It's Time to Get Serious About Cyber-Security
By Samuel Greengard
Humans have a penchant for continually kicking the proverbial ball down the field. Why deal with a problem if it's not an emergency? Within the enterprise--where almost everyone is completely overworked and overloaded--we see this play out every day. What isn't positioned directly in front of a person's face or foot might as well not exist. There are simply too many balls to juggle--or kick.
However, it's important to know which balls are the most important. For CIOs and other senior executives, taking an eye off security can have dire consequences. Hacking and cyber-attacking are now endemic.
Last October, U.S. Defense Secretary Leon Panetta warned that a “cyber Pearl Harbor” was possible, if not eminent.
That statement was greeted by mostly yawns from the business community.

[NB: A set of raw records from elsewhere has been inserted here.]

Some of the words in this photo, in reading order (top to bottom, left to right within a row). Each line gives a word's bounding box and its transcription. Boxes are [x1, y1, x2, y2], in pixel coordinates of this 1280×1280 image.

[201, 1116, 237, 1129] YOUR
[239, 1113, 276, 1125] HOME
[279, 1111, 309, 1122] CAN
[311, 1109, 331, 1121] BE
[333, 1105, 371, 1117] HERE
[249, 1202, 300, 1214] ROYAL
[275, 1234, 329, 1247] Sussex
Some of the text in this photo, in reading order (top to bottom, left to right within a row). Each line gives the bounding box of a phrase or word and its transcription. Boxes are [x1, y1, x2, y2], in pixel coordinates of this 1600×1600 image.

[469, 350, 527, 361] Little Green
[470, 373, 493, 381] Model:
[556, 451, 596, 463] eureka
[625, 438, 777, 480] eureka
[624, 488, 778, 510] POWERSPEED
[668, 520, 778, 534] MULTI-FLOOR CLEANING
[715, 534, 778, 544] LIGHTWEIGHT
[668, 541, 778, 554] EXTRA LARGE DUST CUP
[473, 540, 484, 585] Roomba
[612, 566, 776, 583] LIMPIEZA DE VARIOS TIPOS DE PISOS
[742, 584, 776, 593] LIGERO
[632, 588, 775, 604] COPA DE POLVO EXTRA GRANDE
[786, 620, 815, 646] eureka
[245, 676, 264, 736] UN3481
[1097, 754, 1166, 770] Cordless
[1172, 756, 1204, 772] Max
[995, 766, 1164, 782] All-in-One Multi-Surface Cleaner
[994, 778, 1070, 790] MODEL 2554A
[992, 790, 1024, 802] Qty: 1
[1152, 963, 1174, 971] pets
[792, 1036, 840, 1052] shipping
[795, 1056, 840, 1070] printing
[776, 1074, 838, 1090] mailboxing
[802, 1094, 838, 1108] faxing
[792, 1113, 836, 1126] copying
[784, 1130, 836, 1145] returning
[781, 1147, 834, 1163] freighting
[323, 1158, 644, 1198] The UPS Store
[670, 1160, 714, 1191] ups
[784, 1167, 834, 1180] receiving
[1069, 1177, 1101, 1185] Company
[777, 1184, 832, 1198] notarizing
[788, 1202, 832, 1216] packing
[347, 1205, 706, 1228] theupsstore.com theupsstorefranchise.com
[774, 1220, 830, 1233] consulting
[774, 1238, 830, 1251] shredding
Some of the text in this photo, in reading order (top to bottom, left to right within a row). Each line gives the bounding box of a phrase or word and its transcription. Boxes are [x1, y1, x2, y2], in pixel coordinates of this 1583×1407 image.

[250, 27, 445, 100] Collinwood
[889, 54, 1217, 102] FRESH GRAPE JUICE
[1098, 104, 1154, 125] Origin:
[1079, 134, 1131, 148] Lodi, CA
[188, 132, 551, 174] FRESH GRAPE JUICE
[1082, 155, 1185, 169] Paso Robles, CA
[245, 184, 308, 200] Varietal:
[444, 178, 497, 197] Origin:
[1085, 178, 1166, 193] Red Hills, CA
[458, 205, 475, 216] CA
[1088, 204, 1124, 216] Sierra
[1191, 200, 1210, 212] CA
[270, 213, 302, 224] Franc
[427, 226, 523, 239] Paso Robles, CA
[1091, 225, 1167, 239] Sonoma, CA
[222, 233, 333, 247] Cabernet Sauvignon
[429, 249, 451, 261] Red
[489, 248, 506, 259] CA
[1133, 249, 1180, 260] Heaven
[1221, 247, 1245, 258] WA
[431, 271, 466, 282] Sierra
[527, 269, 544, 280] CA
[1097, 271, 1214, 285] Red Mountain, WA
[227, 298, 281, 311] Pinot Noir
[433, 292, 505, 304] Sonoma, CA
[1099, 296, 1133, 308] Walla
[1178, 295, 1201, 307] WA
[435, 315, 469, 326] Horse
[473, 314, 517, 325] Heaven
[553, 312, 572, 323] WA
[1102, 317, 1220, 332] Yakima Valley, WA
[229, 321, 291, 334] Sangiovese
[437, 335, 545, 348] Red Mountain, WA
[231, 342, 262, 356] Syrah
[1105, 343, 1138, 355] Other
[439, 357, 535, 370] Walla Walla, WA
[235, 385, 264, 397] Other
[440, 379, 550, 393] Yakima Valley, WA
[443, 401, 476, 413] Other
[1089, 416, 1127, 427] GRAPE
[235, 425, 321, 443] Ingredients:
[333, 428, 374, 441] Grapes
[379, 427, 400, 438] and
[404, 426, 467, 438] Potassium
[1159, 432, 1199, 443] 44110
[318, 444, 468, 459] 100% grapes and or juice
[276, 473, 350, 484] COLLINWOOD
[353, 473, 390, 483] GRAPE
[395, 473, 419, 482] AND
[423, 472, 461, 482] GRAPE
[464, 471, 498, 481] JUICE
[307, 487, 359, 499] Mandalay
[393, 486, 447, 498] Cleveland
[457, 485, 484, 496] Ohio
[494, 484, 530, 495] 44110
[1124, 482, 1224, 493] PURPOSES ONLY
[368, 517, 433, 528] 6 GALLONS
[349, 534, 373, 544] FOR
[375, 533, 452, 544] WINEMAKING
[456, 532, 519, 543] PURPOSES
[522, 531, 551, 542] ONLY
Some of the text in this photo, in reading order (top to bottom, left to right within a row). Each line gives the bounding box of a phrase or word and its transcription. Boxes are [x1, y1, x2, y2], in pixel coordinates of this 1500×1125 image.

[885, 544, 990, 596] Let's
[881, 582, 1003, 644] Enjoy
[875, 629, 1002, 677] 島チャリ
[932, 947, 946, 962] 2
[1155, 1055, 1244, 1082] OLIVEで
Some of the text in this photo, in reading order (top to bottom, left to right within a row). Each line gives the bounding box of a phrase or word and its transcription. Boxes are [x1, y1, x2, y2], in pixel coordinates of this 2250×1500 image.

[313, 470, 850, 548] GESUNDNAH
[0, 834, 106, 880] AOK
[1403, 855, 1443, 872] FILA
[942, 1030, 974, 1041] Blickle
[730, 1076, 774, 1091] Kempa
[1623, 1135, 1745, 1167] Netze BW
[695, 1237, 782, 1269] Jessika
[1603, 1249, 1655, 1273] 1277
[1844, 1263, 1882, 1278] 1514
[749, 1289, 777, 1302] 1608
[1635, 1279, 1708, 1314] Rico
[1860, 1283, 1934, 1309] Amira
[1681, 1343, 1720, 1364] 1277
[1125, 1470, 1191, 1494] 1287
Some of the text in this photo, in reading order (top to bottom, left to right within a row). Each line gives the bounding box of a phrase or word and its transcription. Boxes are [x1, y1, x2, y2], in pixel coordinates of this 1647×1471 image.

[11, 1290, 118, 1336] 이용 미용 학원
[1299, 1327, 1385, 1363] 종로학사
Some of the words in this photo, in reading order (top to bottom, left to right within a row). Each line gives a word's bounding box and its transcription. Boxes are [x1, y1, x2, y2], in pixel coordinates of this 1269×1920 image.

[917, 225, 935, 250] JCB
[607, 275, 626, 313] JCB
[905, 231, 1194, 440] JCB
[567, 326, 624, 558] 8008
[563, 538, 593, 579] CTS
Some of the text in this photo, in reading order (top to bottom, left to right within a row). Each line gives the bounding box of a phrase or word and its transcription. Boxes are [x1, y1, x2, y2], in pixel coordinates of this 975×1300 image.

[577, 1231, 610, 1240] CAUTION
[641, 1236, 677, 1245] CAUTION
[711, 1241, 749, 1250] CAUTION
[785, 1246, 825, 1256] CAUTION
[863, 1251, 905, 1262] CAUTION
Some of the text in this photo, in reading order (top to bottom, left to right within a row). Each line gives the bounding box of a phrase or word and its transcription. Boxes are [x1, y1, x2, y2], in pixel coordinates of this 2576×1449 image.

Yet, a Verizon study found that 96 percent of attacks against IT infrastructure occur simply because they aren't difficult. Four in five victims had a bull’s-eye painted on their sites because they were viewed as targets of opportunity.
Let's hope something wakes corporate and government executives from a Rip Van Winkle world-class slumber. After President Obama signed Executive Order 13549 on Feb. 12 (it attempts to build a framework for addressing cyber-security in a more holistic way), cyber-security began to grab headlines.
Then the other shoe dropped. The New York Times reported that the Chinese Army is launching major cyber-attacks against the U.S. There have been plenty of other reports that Iran and North Korea have launched cyber-strikes against U.S. banks and other institutions.
Observers say there's no time to waste, especially as cloud computing takes hold and organizations go digital. Financial institutions, hospitals, utilities, retailers and government networks are all at risk. "Unfortunately, U.S. critical infrastructure is vulnerable and security is weak overall," states Jonathan Gossels, president and CEO of SystemExperts, a Sudbury, Mass. security risk analysis consulting firm.
He's hardly alone. Michela Menting, cyber-security senior analyst at ABI Research, warns that we're approaching the tipping point and immediate action is necessary. "Hostile nations are picking the information superhighway apart and the U.S. risks losing a very costly digital advantage," she warns.
The takeaway? It's time for CIOs and others to stop kicking the ball and get on the ball.